All of this was very funny and ridiculous, but there’s a problem: Legion isn’t trying to be funny. It’s not a comedy, and the story is arguably the furthest from comedy you could imagine, what with all the fascism, murder, corporate overreach, fascism and government corruption. There’s a disconnect between what the game does, and what it is; the tools the player has at their disposal don’t fit with the world in which they’re asked to immerse themselves.

What’s worse is that the emergent comedy of Watch Dogs Legion—despite being very secondary—is what the game is best at. It is genuinely and unexpectedly hilarious that the game’s procedural algorithms decided to give Dave his own personal motorcycle, but also make it canon that he failed his license test, as if he so disagreed with the test result that he went and bought a fancy racing bike out of spite. It’s very funny to watch a man in a purple dinner jacket take time out from saving London from the oppressive jackboot of fascism to earn a few extra crypto-dollars playing his trumpet on a street corner.

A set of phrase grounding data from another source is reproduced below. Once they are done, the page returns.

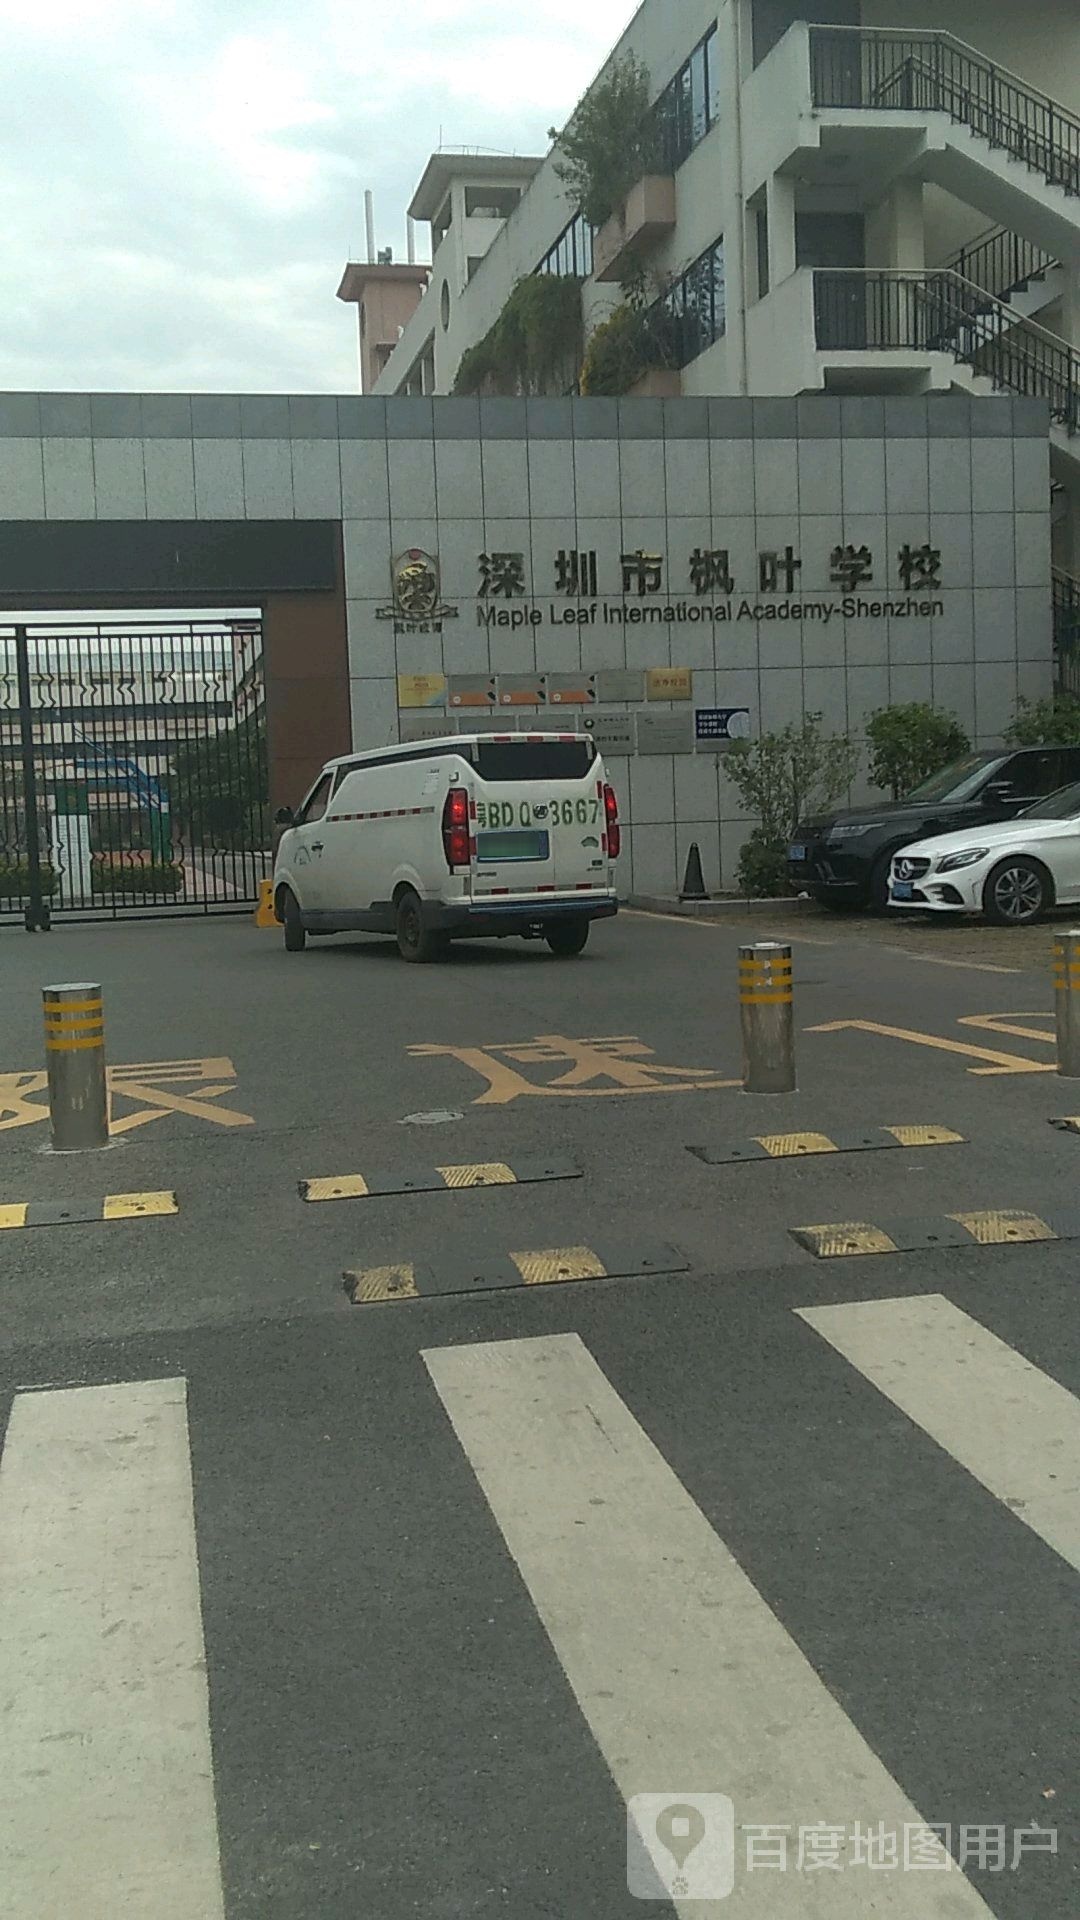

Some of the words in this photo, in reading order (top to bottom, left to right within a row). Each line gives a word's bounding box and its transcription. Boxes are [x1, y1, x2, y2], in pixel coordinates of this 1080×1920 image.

[477, 545, 943, 597] 深圳市枫叶学校
[477, 605, 541, 628] Maple
[550, 601, 596, 622] Leaf
[603, 598, 732, 622] International
[738, 596, 944, 622] Academy-Shenzhen

In comparison, it is aggressively uninteresting to break into a gang base to steal files for some reason, again.
There is nothing at all exciting about making sure the bad guys can’t do that horrible thing they want to do with technology, or guns, or whatever else. Legion‘s systems are bristling with the potential for comedy and emergent gameplay, but its story and world are less interesting than a Netflix Original Film.

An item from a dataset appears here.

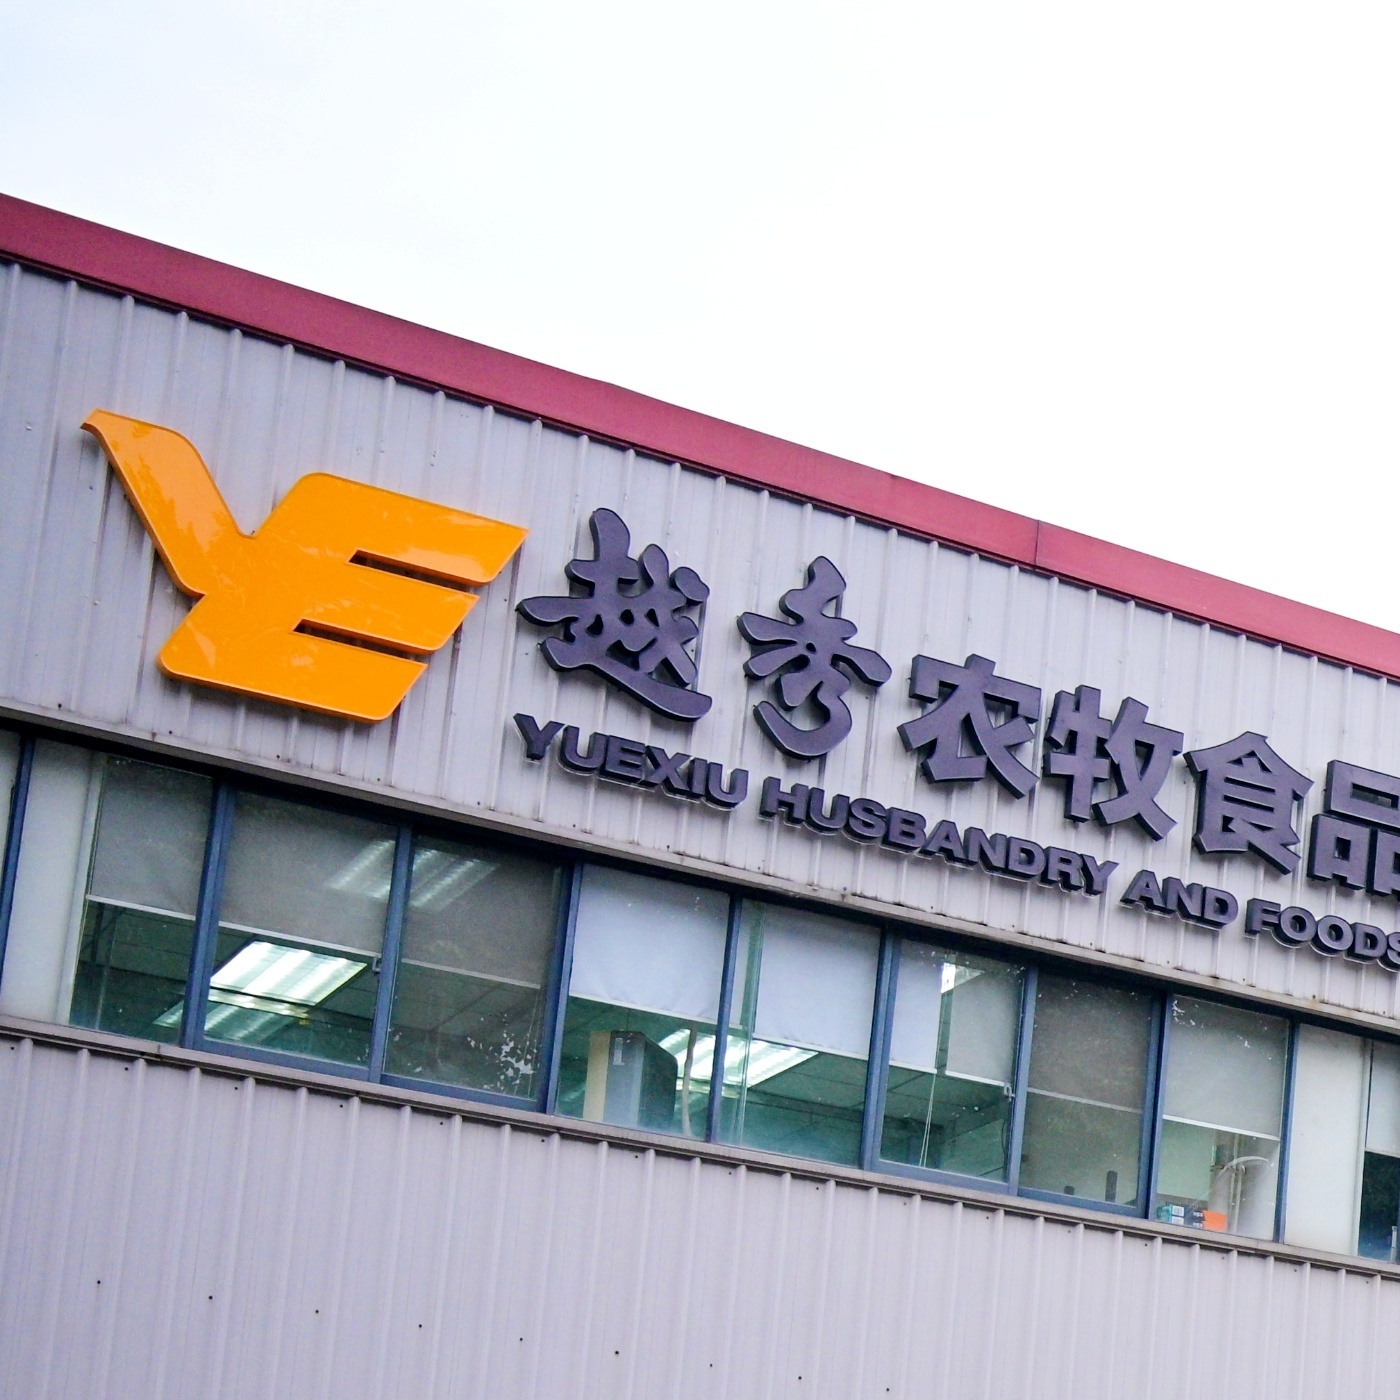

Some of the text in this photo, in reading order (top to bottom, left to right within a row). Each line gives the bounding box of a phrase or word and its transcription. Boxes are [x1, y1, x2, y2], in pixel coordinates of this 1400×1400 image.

[513, 712, 749, 809] YUEXIU
[759, 775, 1119, 897] HUSBANDRY
[1120, 869, 1239, 930] AND

They also clash, badly. Despite the well-meaning intention by the narrative to create an evolving cast of ordinary people who rise up to save the city from evil, the goofy characters are often at complete odds with the story being told. Marceline the construction worker who likes gambling should not be thrust into the centre of a human trafficking conspiracy, where organs are being cut out of the corpses of immigrants. She’s going to lose her goddamn mind. She’ll have nightmares forever, and be unable to relate to her friends and family due to the darkness she witnessed and the lives she took. You can’t just focus on how fun it is to have a remote-controlled spider robot and electric knuckles when a scientist is threatening to upload humanity into the cloud, or the government is putting people in prison camps. Legion jumps the shark twenty times an hour, flipping madly between deadly serious fate-of-the-world business and the frankly nonsense people who are supposed to fix it.

Despite the narrative intentions, Watch Dogs Legion wants to be an ensemble comedy; and it would be better for the change. Exceedingly boring main characters like The Woman Who Gives You Missions, Angry Fascist Man, Powerful Hard Lady Who Runs a Gang, and The Deeply Annoying Computer Voice want your attention, but never really do anything to demand or deserve it. Every story mission feels like an interruption, and they’re all painfully rote open-world busywork.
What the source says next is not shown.